Tar­get is in the midst of an ag­gres­sive push to mod­ern­ize hun­dreds of its stores. As stores are re­mod­eled, the space for CDs, espe­cially those cat­a­log ti­tles, will be fur­ther squeezed, said Joshua Thomas, a com­pany spokesman.

“Mu­sic is an im­por­tant part of our DNA,” he said. “We’re mak­ing changes that re­flect changes in the in­dus­try and the shift in con­sumer be­hav­ior.”

For ex­am­ple, at its Ni­col­let Mall store next to head­quar­ters, which was re­mod­eled last year, the mu­sic aisle now only takes up half a row in ad­di­tion to a stand-alone fix­ture. The se­lec­tion ranges from the new­est hits from the likes of Bruno Mars along­side more clas­sic ti­tles from Bob Mar­ley and Jimi Hen­drix.

Tar­get also has con­tin­ued to part­ner in re­cent years with A-list stars such as Justin Tim­ber­lake and Tay­lor Swift on sell­ing exclusive ver­sions of al­bums.

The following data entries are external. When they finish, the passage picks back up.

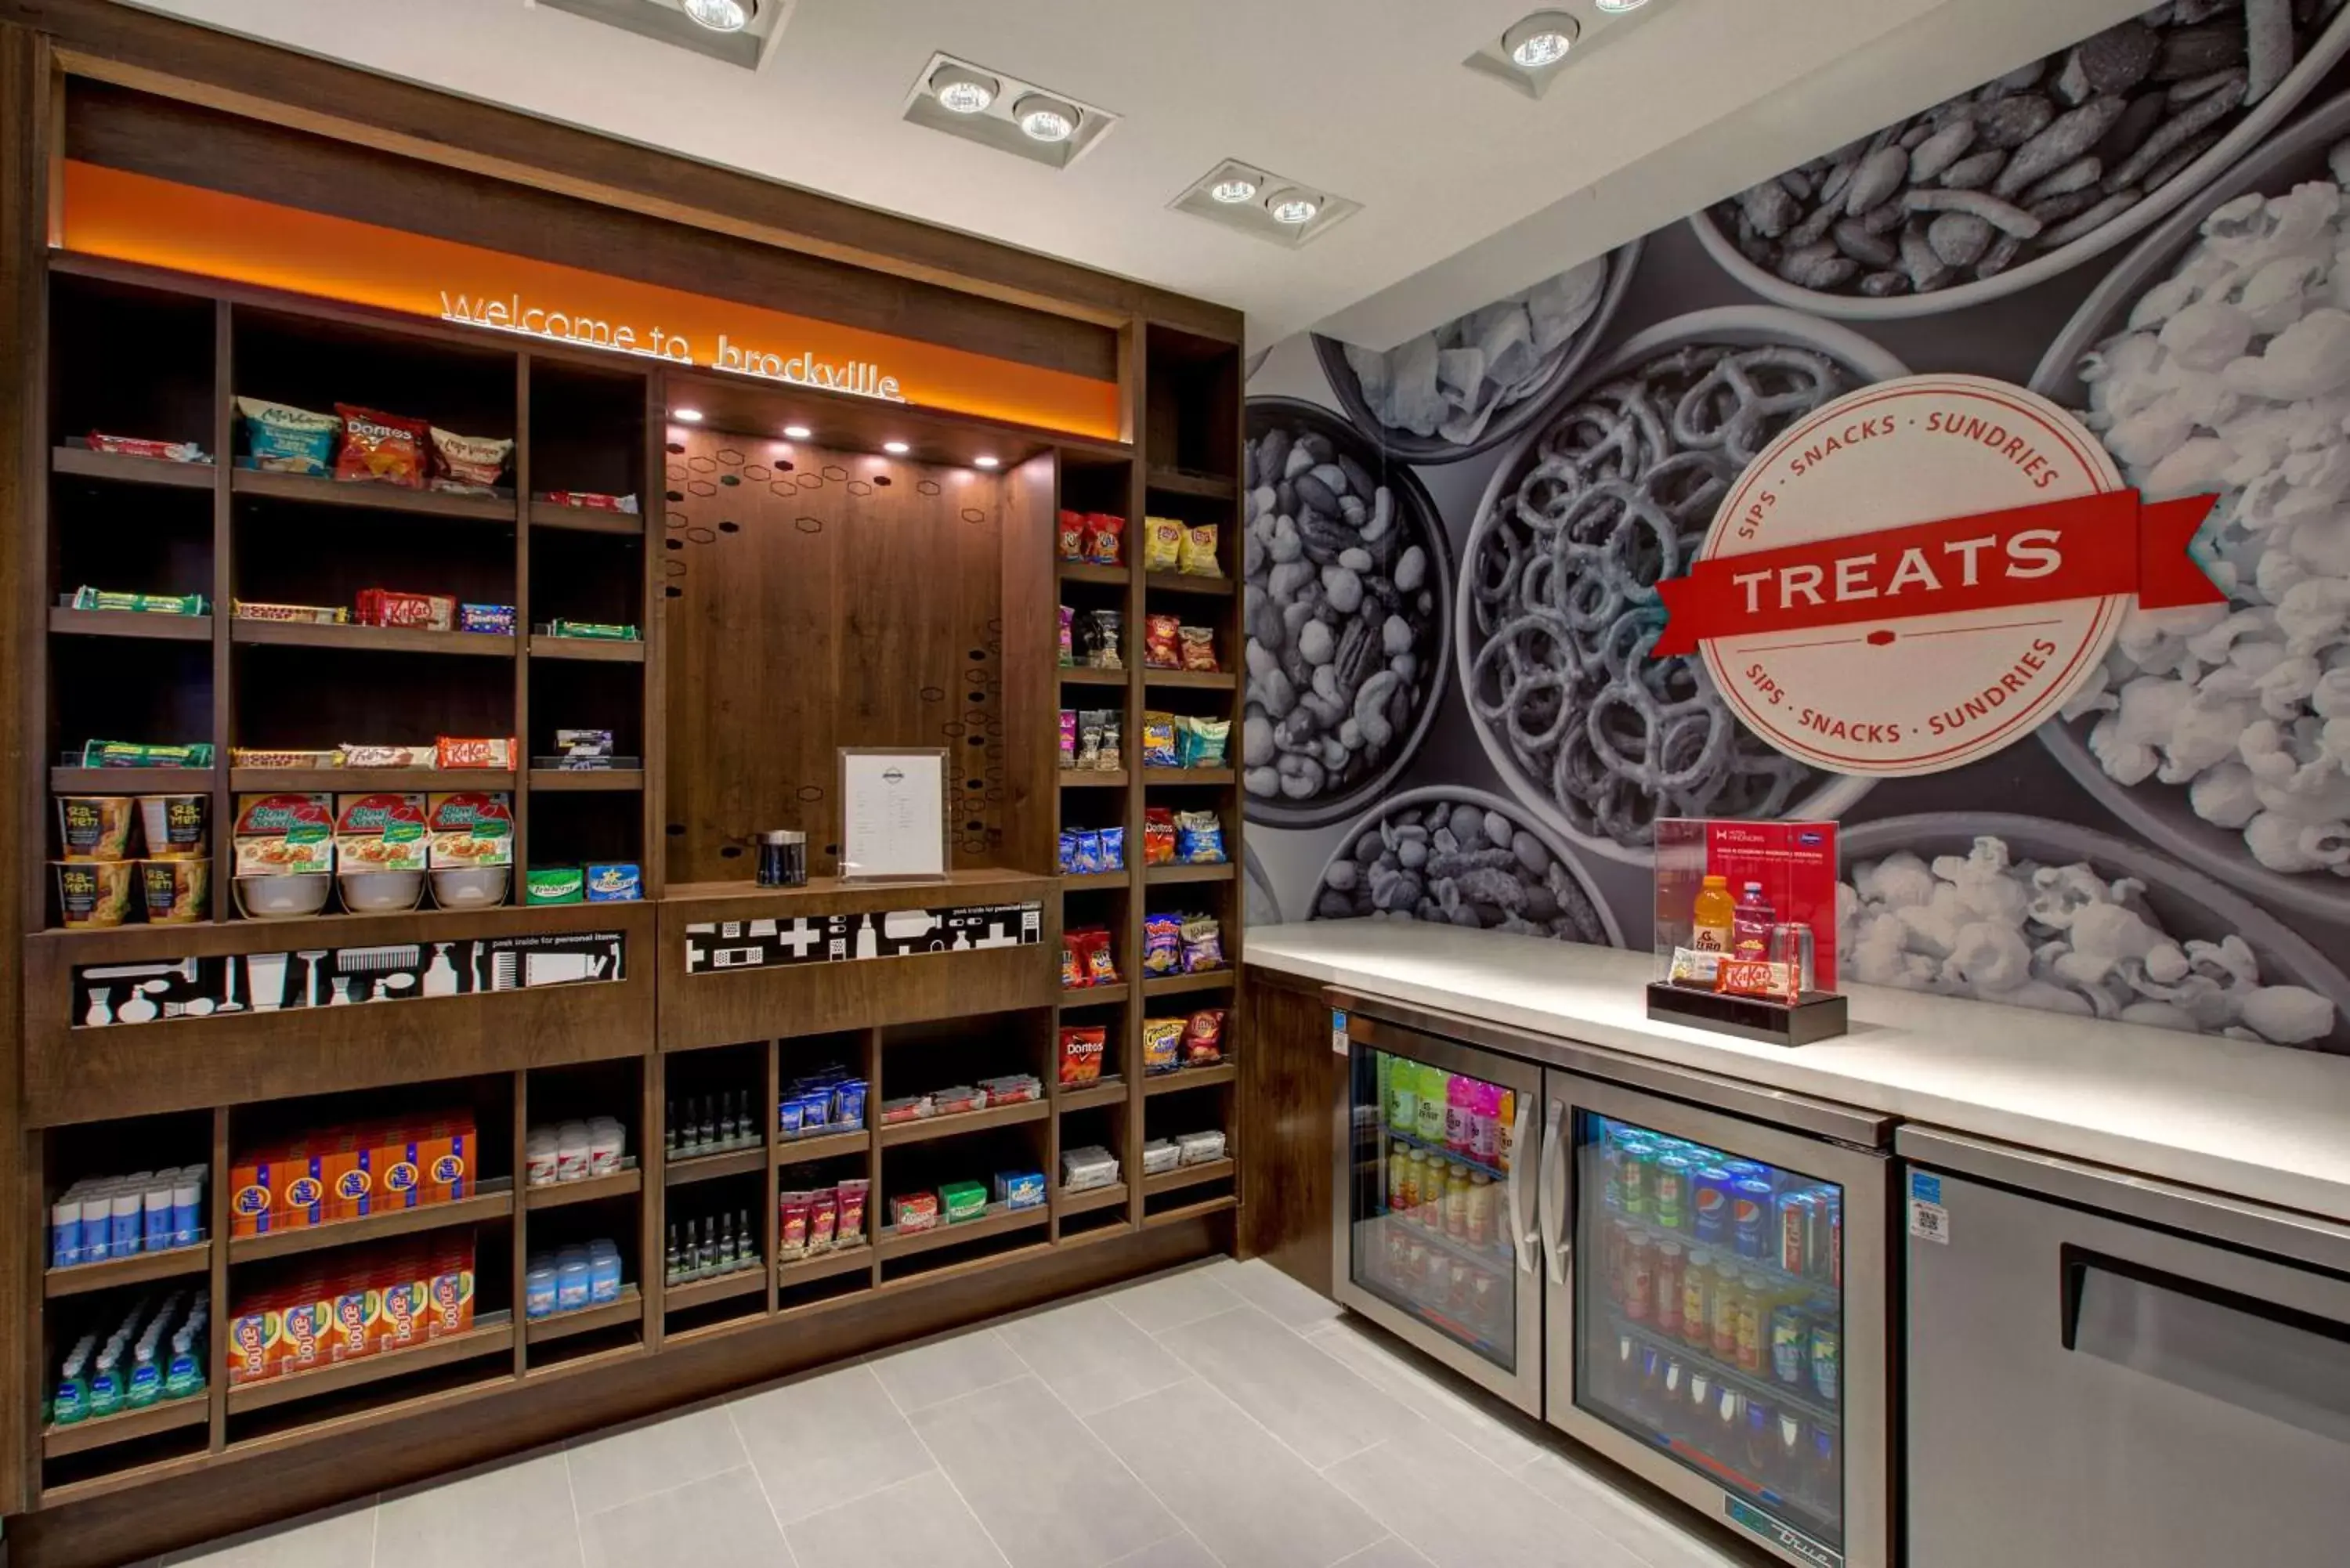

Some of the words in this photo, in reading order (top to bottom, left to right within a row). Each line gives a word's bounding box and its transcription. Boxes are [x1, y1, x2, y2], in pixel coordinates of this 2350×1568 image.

[440, 291, 636, 349] welcome
[649, 325, 689, 358] to
[717, 334, 901, 399] brockville
[348, 421, 413, 440] Doritos
[1738, 490, 1776, 540] SIPS
[1790, 415, 1895, 476] SNACKS
[1925, 411, 2059, 489] SUNDRIES
[1733, 529, 2063, 614] TREATS
[1745, 663, 1786, 705] SIPS
[1798, 708, 1900, 744] SNACKS
[1928, 638, 2058, 736] SUNDRIES
[555, 934, 592, 945] personal
[1067, 1042, 1104, 1055] Doritos
[392, 1165, 411, 1189] Tide
[439, 1158, 456, 1181] Tide
[294, 1180, 312, 1205] Tide
[345, 1172, 364, 1198] Tide
[241, 1188, 261, 1213] Tide

But down the road, Stephen Baker, a tech an­a­lyst with the NPD Group, sees Tar­get and other larger re­tail­ers such as Wal­mart fol­low­ing Best Buy’s lead when it comes to CDs.

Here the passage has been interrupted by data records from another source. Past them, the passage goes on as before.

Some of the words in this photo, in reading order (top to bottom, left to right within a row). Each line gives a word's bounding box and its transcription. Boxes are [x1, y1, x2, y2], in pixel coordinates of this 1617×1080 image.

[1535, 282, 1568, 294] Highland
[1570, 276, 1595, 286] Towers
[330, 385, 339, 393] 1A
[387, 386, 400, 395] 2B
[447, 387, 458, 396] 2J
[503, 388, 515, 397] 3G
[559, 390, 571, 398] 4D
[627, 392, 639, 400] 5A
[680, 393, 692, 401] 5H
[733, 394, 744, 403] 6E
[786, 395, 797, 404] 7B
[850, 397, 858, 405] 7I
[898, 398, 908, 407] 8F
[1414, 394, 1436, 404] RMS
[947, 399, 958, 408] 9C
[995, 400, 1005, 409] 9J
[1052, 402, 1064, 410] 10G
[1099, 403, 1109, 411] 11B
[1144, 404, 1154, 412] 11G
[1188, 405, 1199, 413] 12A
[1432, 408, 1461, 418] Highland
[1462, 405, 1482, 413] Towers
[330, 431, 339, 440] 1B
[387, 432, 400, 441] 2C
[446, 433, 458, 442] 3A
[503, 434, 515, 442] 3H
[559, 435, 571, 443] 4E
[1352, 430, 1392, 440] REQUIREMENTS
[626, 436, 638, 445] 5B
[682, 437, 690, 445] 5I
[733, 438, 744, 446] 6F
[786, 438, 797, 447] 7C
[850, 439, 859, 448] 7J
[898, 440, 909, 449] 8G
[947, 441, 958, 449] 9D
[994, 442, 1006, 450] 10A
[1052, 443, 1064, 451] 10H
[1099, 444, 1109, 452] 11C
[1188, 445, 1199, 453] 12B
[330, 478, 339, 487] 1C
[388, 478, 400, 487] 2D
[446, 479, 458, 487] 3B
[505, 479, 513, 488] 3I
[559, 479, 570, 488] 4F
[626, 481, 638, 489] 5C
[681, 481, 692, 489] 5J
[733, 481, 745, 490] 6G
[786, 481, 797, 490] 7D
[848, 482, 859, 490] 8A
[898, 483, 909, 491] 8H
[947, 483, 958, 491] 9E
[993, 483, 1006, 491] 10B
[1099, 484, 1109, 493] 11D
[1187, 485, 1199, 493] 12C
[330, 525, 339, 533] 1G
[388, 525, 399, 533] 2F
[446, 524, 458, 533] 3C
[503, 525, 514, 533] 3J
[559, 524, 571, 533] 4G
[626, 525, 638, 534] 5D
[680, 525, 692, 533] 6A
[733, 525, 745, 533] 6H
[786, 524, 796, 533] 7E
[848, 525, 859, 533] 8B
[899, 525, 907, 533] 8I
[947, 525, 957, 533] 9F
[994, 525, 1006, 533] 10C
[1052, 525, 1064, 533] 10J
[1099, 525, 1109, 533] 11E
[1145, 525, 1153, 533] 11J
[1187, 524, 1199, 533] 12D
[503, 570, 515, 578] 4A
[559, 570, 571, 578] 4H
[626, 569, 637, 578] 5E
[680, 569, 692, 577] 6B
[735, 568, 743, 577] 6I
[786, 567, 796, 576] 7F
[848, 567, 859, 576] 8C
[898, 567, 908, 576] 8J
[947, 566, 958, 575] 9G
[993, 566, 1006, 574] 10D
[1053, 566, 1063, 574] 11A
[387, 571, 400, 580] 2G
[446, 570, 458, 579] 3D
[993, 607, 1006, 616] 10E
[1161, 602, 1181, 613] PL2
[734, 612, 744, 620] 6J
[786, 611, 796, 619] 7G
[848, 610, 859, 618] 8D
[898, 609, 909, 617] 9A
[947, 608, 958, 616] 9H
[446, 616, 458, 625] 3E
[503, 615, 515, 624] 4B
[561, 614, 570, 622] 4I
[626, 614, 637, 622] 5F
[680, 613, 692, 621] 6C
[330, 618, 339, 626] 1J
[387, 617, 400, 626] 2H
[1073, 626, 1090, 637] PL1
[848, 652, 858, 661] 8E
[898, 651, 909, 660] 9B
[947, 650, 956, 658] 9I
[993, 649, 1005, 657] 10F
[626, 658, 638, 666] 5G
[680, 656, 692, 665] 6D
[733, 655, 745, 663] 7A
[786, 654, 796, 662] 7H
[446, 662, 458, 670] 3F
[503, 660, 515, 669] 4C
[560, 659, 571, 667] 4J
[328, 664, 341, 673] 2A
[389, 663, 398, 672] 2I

CD sales slipped 6 per­cent last year while rev­enue from vinyl was up 10 per­cent. Still, vinyl sales are only about a third of CD sales over­all. While CDs seem des­tined to con­tinue to de­cline, many see them as hav­ing more last­ing power than cas­settes.

“They’re still a bil­lion­dol­lar busi­ness – that’s noth­ing to shake a stick at,” said Cara Duck­worth, spokes­woman for the Record­ing In­dus­try As­so­ci­a­tion of Amer­ica (RIAA). “There are still fans who love CDs and want to con­tinue to have that tac­tile ex­pe­ri­ence of hold­ing a phys­i­cal prod­uct and read­ing through the liner notes, the cover art, and all of that.”

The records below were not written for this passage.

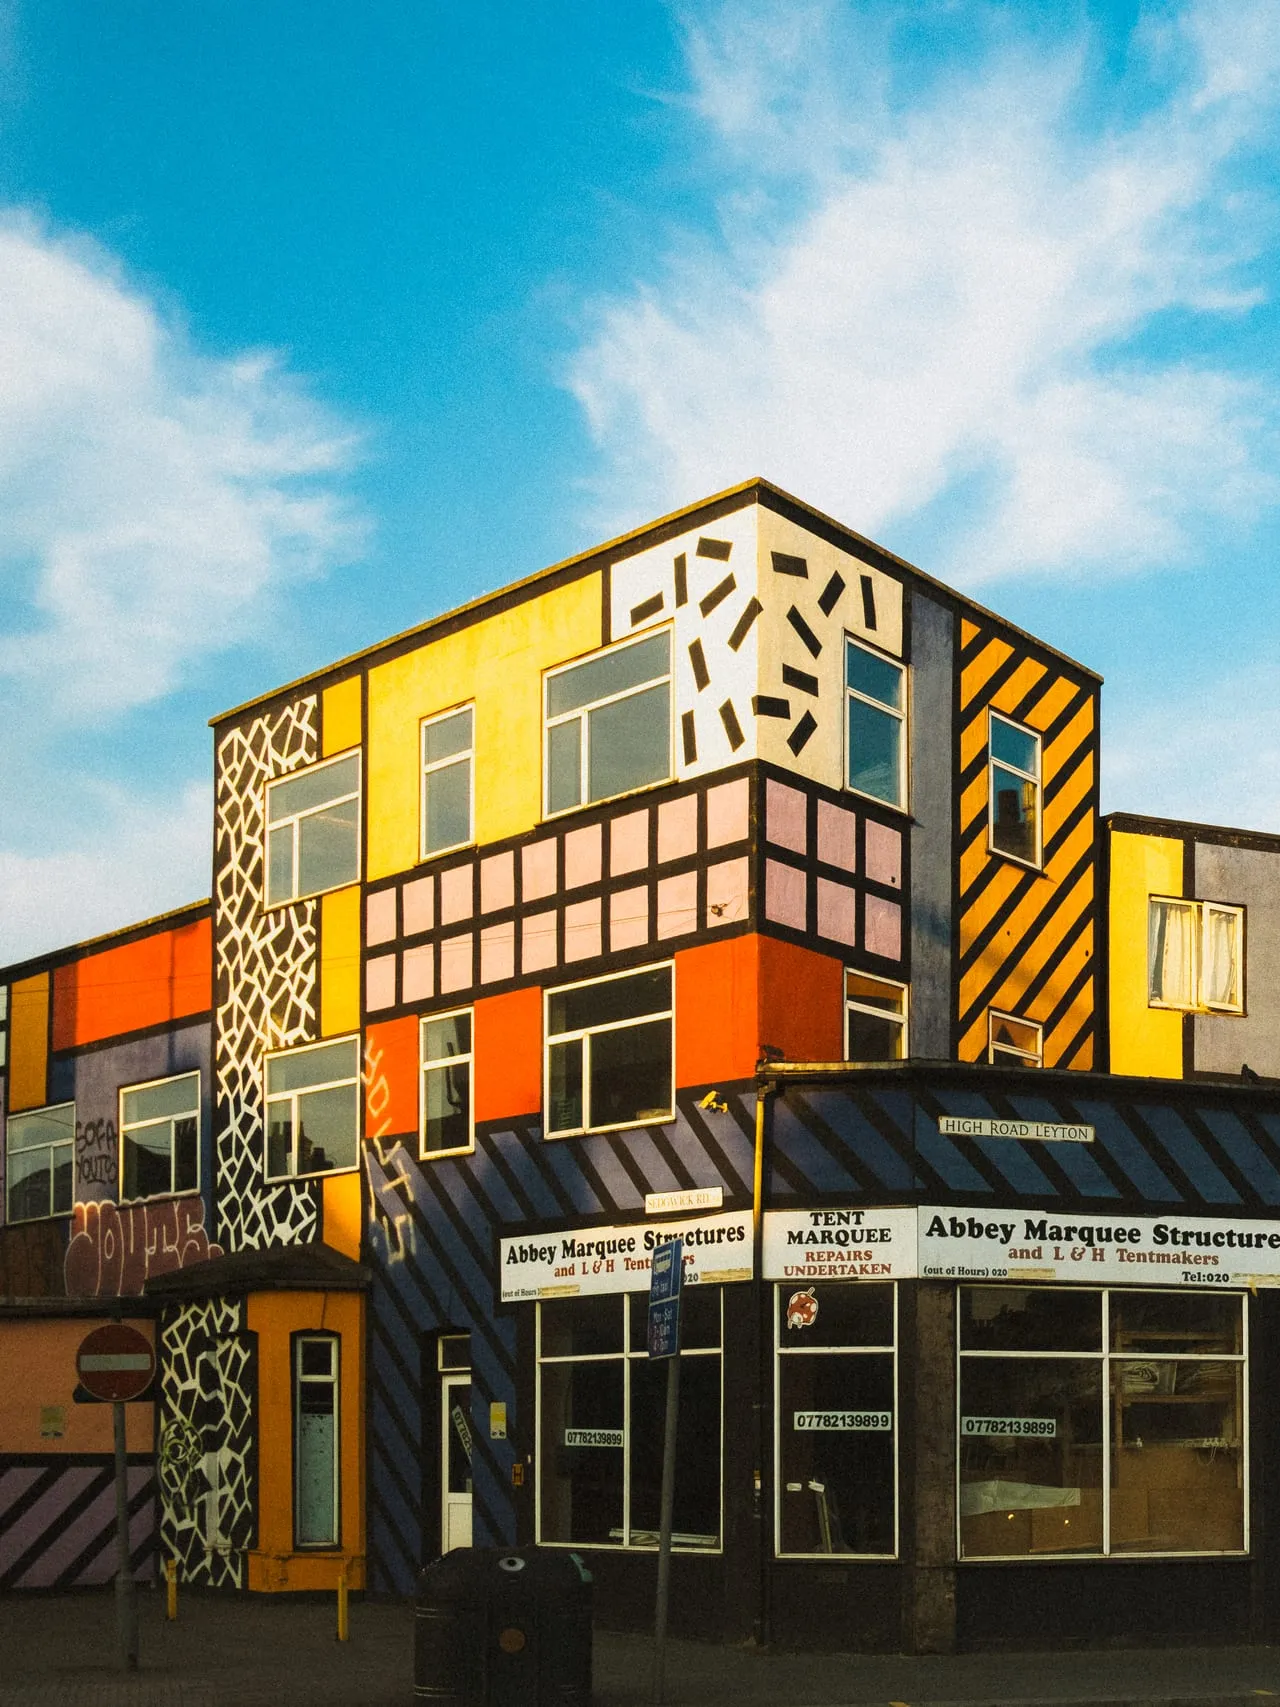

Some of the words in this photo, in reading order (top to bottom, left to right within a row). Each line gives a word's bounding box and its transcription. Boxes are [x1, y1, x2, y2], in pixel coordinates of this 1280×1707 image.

[75, 1118, 118, 1153] SOFA
[945, 1119, 983, 1133] HIGH
[991, 1121, 1029, 1136] ROAD
[1036, 1125, 1088, 1139] LEYTON
[809, 1211, 865, 1226] TENT
[786, 1228, 892, 1247] MARQUEE
[925, 1215, 1016, 1245] Abbey
[1023, 1219, 1141, 1247] Marquee
[506, 1243, 557, 1265] Abbey
[562, 1237, 636, 1259] Marquee
[805, 1250, 873, 1262] REPAIRS
[1008, 1246, 1043, 1260] and
[1053, 1246, 1065, 1260] L
[1070, 1247, 1087, 1261] &
[1091, 1248, 1105, 1262] H
[1116, 1248, 1220, 1266] Tentmakers
[554, 1263, 575, 1278] and
[582, 1262, 589, 1275] L
[592, 1261, 603, 1274] &
[605, 1259, 615, 1273] H
[624, 1255, 695, 1271] Tentrs
[783, 1263, 892, 1276] UNDERTAKEN
[923, 1265, 943, 1276] (out
[945, 1266, 956, 1276] of
[957, 1266, 989, 1277] Hours)
[991, 1268, 1008, 1277] 020
[1181, 1271, 1230, 1283] Tel:020
[797, 1414, 889, 1428] 07782139899
[966, 1420, 1055, 1434] 07782139899
[567, 1431, 622, 1446] 07782139899

CDs en­joyed a me­te­oric rise in the 90s, re­plac­ing cas­sette tapes as the pop­u­lar mu­sic mode. They peaked around 2000 with about $13.2 bil­lion in U.S. sales that year, ac­cord­ing to the RIAA. Last year, they to­taled only $1.1 bil­lion in sales, mak­ing up 12 per­cent of the mu­sic in­dus­try’s over­all rev­enue from recorded mu­sic. In con­trast, stream­ing ser­vices made up 65 per­cent and digital down­loads 15 per­cent.

Joel Anderson, 52, of Min­neapo­lis, still buys CDs but ac­knowl­edges only his desk­top com­puter can still play them. So he has half given in and down­loads them onto his smart­phone or iPod be­cause it’s eas­ier.

But there are some oc­ca­sions that still bring him to a mu­sic store, such as shop­ping for his wife’s birth­day as he did at the Elec­tric Fe­tus on a re­cent day. He picked up a cou­ple of CDs for her, not­ing that she worked at a record store in col­lege so still ap­pre­ci­ates phys­i­cal mu­sic.

“Gift­ing mu­sic is not as fun with a subscripti­on,” he said.


In re­cent years, Best Buy’s col­lec­tion of CDs has been re­duced to a sin­gle row.